Les coéquipiers du Dr Christian Roy aiment bien l'expression odyssée, celle de la célèbre Odyssée d'Ulysse, pour résumer le parcours du professeur-chercheur-entrepreneur. Un "voyage" débuté en 1976, alors qu'il cherchait un sujet pour sa thèse de doctorat. Le principe de la décomposition thermique (pyrolyse) sous vide qu'il découvre et développe, au sein de l'Université de Sherbrooke d'abord, puis de l'Université Laval depuis 1985, est aujourd'hui le fondement d'une excitante initiative commerciale. Prenant acte des limites de l'ère de la pétrochimie, le Groupe Pyrovac annonce celle de la "carbo-chimie". En bref, rien de moins que la fin des déchets!

 

LA FIN DES DÉCHETS!

Grâce à sa technologie maintenant baptisée PyrocyclageMC, l'entreprise du Parc technologique du Québec métropolitain promet de révolutionner l'économie de nos sociétés hyper-génératrices de déchets. Comment? Après vingt ans de mise au point, cette alternative à l'incinération et à l'enfouissement permet de transformer en produits utiles, de nombreux déchets industriels et municipaux, comme les pneus usés, les résidus d'écorces, les déchets urbains, les boues pétrolières et les sols contaminés. Et puisque tous les résidus organiques peuvent entrer dans le réacteur, un jour pas si lointain, tout le sac vert pourra prendre le chemin de la pyrolyse sous vide, anticipent les promoteurs.

 

Le PyrocyclageMC est un procédé qui permet de valoriser tout déchet comprenant une fraction organique. Son principe est protégé par une cinquantaine de brevets à l'échelle internationale. Plus douce que la pyrolyse classique et que l'incinération, la technique du Dr Roy a l'avantage de produire beaucoup d'huile, ainsi qu'un charbon qui possède différentes caractéristiques selon le déchet valorisé. Le procédé consiste en une décomposition thermique de la matière, sous pression réduite. Dans le secteur de la biomasse forestière et des résidus de l'industrie des pâtes et papiers, la valorisation génère 42% d'huile, 24% de charbon de bois, 25% d'eau et 9% de gaz. Pour les pneus usagés, le rendement du procédé atteint 55% d'huile et 25% de noir de carbone, en plus de 9% d'acier, 5% de matières inertes et 6% de gaz.

 

UN CHEMIN LABORIEUX: DES PNEUS...

Preuve qu'une idée vertueuse ne met pas à l'abri des difficultés, c'est après un cheminement entrepreneurial parsemé d'embûches que l'annonce d'une première application commerciale de PyrocyclageMC a pu être faite en avril dernier.

Initialement, c'est sur l'élimination des pneus usés que Christian Roy concentre l'application de sa technique.

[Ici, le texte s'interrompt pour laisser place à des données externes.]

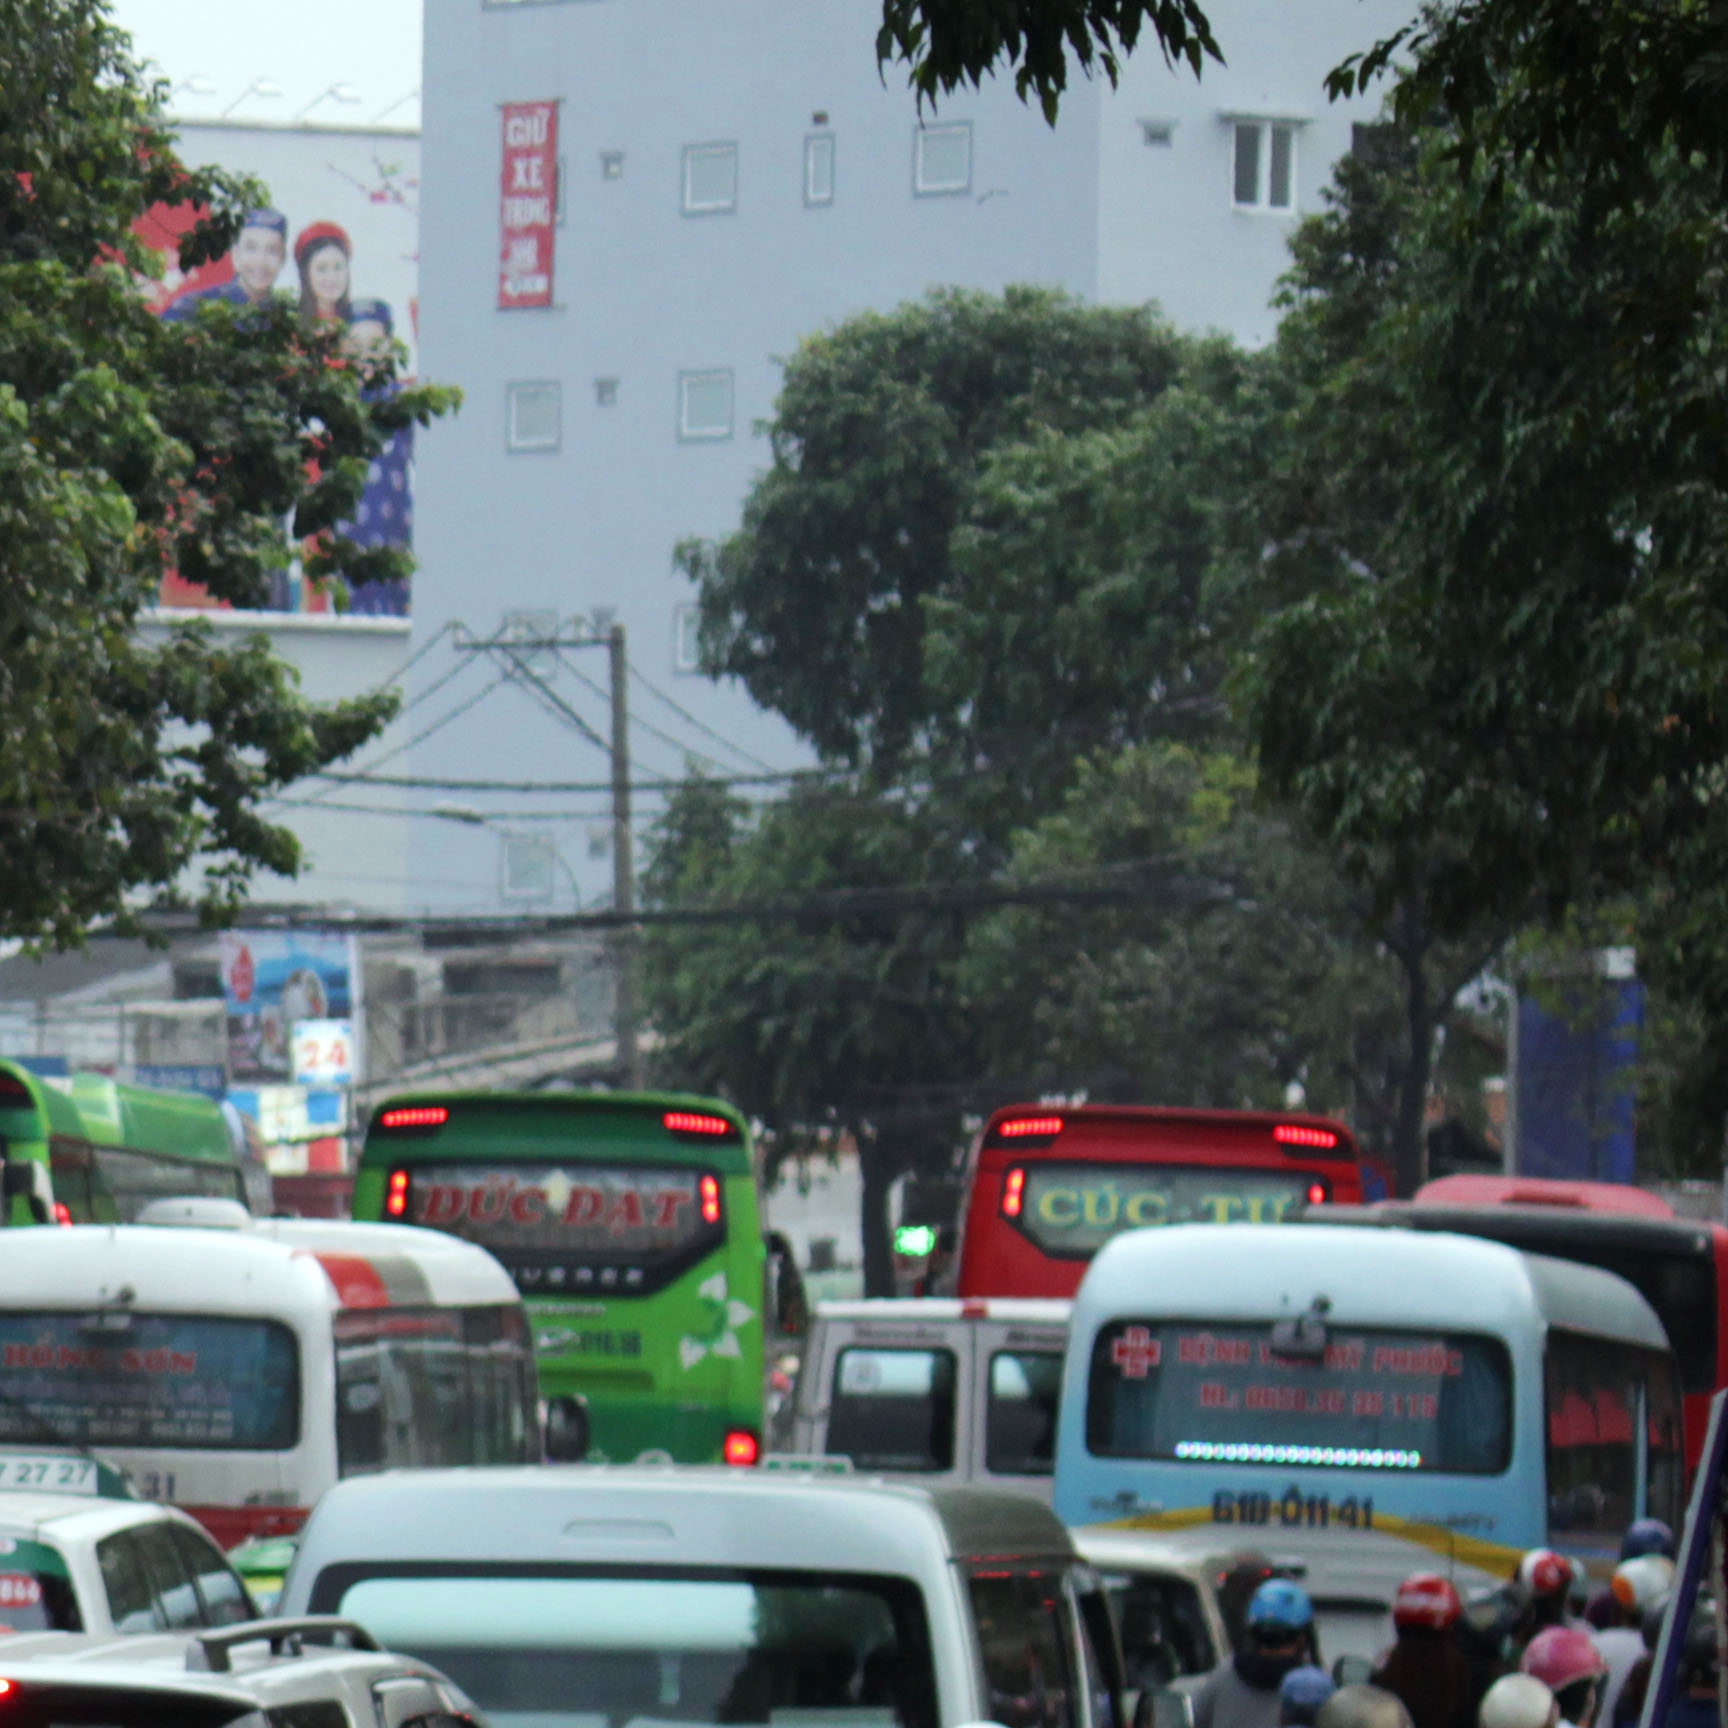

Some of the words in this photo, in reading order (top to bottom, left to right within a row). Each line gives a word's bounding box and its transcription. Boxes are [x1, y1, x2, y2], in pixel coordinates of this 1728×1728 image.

Dans les années 80, il négocie un accord de licence sur le procédé avec Petro-Sun International. Mais en 1987, c'est le choc, Petro-Sun fait faillite. La liquidation des actifs de cette compagnie emporte aussi l'usine-pilote d'une technologie alors très prometteuse. Refusant de baisser les bras, le chercheur convainc Ultramar d'investir 15 000$, afin de racheter le pilote. En le sauvant de la casse, il rapatrie aussi la licence d'exploitation à l'Université Laval et repart à la chasse aux investisseurs.

Dans l'intervalle, en 1988, il fonde sa propre compagnie: Institut Pyrovac inc. Dédiée à la recherche dans le domaine de la pyrolyse sous vide, l'entreprise cherche aussi à maximiser les retombées commerciales de l'invention au Québec, en plus d'assurer le maintien de son équipe de recherche.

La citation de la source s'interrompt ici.